*** Block opens ***

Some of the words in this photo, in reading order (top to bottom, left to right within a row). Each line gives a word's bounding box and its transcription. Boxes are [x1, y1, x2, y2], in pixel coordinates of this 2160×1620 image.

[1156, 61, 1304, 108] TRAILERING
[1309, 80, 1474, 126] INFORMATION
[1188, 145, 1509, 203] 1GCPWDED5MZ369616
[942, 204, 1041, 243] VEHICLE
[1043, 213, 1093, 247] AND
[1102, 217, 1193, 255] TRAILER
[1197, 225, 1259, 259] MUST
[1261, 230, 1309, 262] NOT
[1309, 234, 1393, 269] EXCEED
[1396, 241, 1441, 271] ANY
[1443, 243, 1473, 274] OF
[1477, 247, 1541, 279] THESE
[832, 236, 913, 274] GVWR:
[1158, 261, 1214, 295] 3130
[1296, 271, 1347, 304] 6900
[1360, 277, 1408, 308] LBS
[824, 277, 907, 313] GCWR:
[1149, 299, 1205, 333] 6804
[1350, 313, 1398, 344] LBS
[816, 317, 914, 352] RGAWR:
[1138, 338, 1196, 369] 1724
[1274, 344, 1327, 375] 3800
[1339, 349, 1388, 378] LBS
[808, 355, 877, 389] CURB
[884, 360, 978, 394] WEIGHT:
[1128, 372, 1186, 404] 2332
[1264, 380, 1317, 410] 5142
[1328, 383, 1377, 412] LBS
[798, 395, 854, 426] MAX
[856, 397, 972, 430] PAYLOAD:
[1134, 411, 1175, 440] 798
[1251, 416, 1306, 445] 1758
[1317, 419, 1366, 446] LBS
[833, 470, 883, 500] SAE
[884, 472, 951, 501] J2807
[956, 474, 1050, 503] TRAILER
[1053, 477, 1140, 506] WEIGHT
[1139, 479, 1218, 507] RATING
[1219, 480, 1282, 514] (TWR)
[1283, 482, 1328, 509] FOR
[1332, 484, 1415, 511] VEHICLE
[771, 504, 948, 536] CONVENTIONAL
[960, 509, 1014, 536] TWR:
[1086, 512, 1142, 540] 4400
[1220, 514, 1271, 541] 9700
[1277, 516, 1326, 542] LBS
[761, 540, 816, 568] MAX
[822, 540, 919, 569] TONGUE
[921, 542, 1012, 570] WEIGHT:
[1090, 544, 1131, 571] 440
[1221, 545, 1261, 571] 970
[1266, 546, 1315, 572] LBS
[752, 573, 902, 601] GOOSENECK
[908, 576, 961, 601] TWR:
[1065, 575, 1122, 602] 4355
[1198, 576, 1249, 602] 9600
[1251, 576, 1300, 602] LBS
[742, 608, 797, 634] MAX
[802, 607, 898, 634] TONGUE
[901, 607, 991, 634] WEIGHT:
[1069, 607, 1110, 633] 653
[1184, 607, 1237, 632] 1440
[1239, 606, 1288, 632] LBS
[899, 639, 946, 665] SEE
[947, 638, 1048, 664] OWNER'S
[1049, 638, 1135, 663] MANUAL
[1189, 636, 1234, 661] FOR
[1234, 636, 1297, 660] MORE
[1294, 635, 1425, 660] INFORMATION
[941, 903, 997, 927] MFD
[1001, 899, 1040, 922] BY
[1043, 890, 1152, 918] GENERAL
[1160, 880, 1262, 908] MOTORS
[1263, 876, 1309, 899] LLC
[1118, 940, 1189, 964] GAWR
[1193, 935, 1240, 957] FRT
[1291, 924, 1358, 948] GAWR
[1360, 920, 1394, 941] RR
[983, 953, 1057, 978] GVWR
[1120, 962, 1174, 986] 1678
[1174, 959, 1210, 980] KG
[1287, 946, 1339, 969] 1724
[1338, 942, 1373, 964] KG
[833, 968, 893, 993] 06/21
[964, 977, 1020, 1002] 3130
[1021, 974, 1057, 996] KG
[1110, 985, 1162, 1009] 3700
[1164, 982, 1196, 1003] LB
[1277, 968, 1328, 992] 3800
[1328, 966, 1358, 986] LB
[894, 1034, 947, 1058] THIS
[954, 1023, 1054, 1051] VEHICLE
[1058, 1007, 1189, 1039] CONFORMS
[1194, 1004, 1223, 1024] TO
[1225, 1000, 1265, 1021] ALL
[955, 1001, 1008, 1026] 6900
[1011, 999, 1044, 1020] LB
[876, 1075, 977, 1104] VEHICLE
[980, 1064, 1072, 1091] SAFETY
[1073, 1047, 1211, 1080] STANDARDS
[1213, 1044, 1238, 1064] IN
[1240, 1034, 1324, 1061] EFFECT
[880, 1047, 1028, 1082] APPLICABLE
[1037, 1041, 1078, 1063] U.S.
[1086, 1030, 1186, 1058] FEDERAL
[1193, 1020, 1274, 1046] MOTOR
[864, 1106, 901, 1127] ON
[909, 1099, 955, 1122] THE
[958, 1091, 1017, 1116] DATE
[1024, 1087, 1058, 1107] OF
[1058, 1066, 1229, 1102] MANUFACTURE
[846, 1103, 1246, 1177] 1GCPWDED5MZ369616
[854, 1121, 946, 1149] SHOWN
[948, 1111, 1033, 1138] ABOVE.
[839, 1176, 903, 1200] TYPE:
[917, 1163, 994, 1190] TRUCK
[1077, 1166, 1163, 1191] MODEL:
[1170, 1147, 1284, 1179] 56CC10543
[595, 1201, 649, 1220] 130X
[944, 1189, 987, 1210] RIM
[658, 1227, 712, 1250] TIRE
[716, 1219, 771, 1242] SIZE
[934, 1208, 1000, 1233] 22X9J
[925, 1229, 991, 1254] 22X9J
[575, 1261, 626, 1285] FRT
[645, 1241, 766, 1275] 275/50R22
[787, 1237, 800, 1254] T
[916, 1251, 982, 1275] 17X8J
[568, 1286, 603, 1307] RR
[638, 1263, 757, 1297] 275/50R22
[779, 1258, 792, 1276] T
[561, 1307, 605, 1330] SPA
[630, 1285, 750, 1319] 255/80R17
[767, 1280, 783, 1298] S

*** Block closes ***

**What you should do**: Your answer should repeat every entry exactly.

**Response to the task**:
Some of the words in this photo, in reading order (top to bottom, left to right within a row). Each line gives a word's bounding box and its transcription. Boxes are [x1, y1, x2, y2], in pixel coordinates of this 2160×1620 image.

[1156, 61, 1304, 108] TRAILERING
[1309, 80, 1474, 126] INFORMATION
[1188, 145, 1509, 203] 1GCPWDED5MZ369616
[942, 204, 1041, 243] VEHICLE
[1043, 213, 1093, 247] AND
[1102, 217, 1193, 255] TRAILER
[1197, 225, 1259, 259] MUST
[1261, 230, 1309, 262] NOT
[1309, 234, 1393, 269] EXCEED
[1396, 241, 1441, 271] ANY
[1443, 243, 1473, 274] OF
[1477, 247, 1541, 279] THESE
[832, 236, 913, 274] GVWR:
[1158, 261, 1214, 295] 3130
[1296, 271, 1347, 304] 6900
[1360, 277, 1408, 308] LBS
[824, 277, 907, 313] GCWR:
[1149, 299, 1205, 333] 6804
[1350, 313, 1398, 344] LBS
[816, 317, 914, 352] RGAWR:
[1138, 338, 1196, 369] 1724
[1274, 344, 1327, 375] 3800
[1339, 349, 1388, 378] LBS
[808, 355, 877, 389] CURB
[884, 360, 978, 394] WEIGHT:
[1128, 372, 1186, 404] 2332
[1264, 380, 1317, 410] 5142
[1328, 383, 1377, 412] LBS
[798, 395, 854, 426] MAX
[856, 397, 972, 430] PAYLOAD:
[1134, 411, 1175, 440] 798
[1251, 416, 1306, 445] 1758
[1317, 419, 1366, 446] LBS
[833, 470, 883, 500] SAE
[884, 472, 951, 501] J2807
[956, 474, 1050, 503] TRAILER
[1053, 477, 1140, 506] WEIGHT
[1139, 479, 1218, 507] RATING
[1219, 480, 1282, 514] (TWR)
[1283, 482, 1328, 509] FOR
[1332, 484, 1415, 511] VEHICLE
[771, 504, 948, 536] CONVENTIONAL
[960, 509, 1014, 536] TWR:
[1086, 512, 1142, 540] 4400
[1220, 514, 1271, 541] 9700
[1277, 516, 1326, 542] LBS
[761, 540, 816, 568] MAX
[822, 540, 919, 569] TONGUE
[921, 542, 1012, 570] WEIGHT:
[1090, 544, 1131, 571] 440
[1221, 545, 1261, 571] 970
[1266, 546, 1315, 572] LBS
[752, 573, 902, 601] GOOSENECK
[908, 576, 961, 601] TWR:
[1065, 575, 1122, 602] 4355
[1198, 576, 1249, 602] 9600
[1251, 576, 1300, 602] LBS
[742, 608, 797, 634] MAX
[802, 607, 898, 634] TONGUE
[901, 607, 991, 634] WEIGHT:
[1069, 607, 1110, 633] 653
[1184, 607, 1237, 632] 1440
[1239, 606, 1288, 632] LBS
[899, 639, 946, 665] SEE
[947, 638, 1048, 664] OWNER'S
[1049, 638, 1135, 663] MANUAL
[1189, 636, 1234, 661] FOR
[1234, 636, 1297, 660] MORE
[1294, 635, 1425, 660] INFORMATION
[941, 903, 997, 927] MFD
[1001, 899, 1040, 922] BY
[1043, 890, 1152, 918] GENERAL
[1160, 880, 1262, 908] MOTORS
[1263, 876, 1309, 899] LLC
[1118, 940, 1189, 964] GAWR
[1193, 935, 1240, 957] FRT
[1291, 924, 1358, 948] GAWR
[1360, 920, 1394, 941] RR
[983, 953, 1057, 978] GVWR
[1120, 962, 1174, 986] 1678
[1174, 959, 1210, 980] KG
[1287, 946, 1339, 969] 1724
[1338, 942, 1373, 964] KG
[833, 968, 893, 993] 06/21
[964, 977, 1020, 1002] 3130
[1021, 974, 1057, 996] KG
[1110, 985, 1162, 1009] 3700
[1164, 982, 1196, 1003] LB
[1277, 968, 1328, 992] 3800
[1328, 966, 1358, 986] LB
[894, 1034, 947, 1058] THIS
[954, 1023, 1054, 1051] VEHICLE
[1058, 1007, 1189, 1039] CONFORMS
[1194, 1004, 1223, 1024] TO
[1225, 1000, 1265, 1021] ALL
[955, 1001, 1008, 1026] 6900
[1011, 999, 1044, 1020] LB
[876, 1075, 977, 1104] VEHICLE
[980, 1064, 1072, 1091] SAFETY
[1073, 1047, 1211, 1080] STANDARDS
[1213, 1044, 1238, 1064] IN
[1240, 1034, 1324, 1061] EFFECT
[880, 1047, 1028, 1082] APPLICABLE
[1037, 1041, 1078, 1063] U.S.
[1086, 1030, 1186, 1058] FEDERAL
[1193, 1020, 1274, 1046] MOTOR
[864, 1106, 901, 1127] ON
[909, 1099, 955, 1122] THE
[958, 1091, 1017, 1116] DATE
[1024, 1087, 1058, 1107] OF
[1058, 1066, 1229, 1102] MANUFACTURE
[846, 1103, 1246, 1177] 1GCPWDED5MZ369616
[854, 1121, 946, 1149] SHOWN
[948, 1111, 1033, 1138] ABOVE.
[839, 1176, 903, 1200] TYPE:
[917, 1163, 994, 1190] TRUCK
[1077, 1166, 1163, 1191] MODEL:
[1170, 1147, 1284, 1179] 56CC10543
[595, 1201, 649, 1220] 130X
[944, 1189, 987, 1210] RIM
[658, 1227, 712, 1250] TIRE
[716, 1219, 771, 1242] SIZE
[934, 1208, 1000, 1233] 22X9J
[925, 1229, 991, 1254] 22X9J
[575, 1261, 626, 1285] FRT
[645, 1241, 766, 1275] 275/50R22
[787, 1237, 800, 1254] T
[916, 1251, 982, 1275] 17X8J
[568, 1286, 603, 1307] RR
[638, 1263, 757, 1297] 275/50R22
[779, 1258, 792, 1276] T
[561, 1307, 605, 1330] SPA
[630, 1285, 750, 1319] 255/80R17
[767, 1280, 783, 1298] S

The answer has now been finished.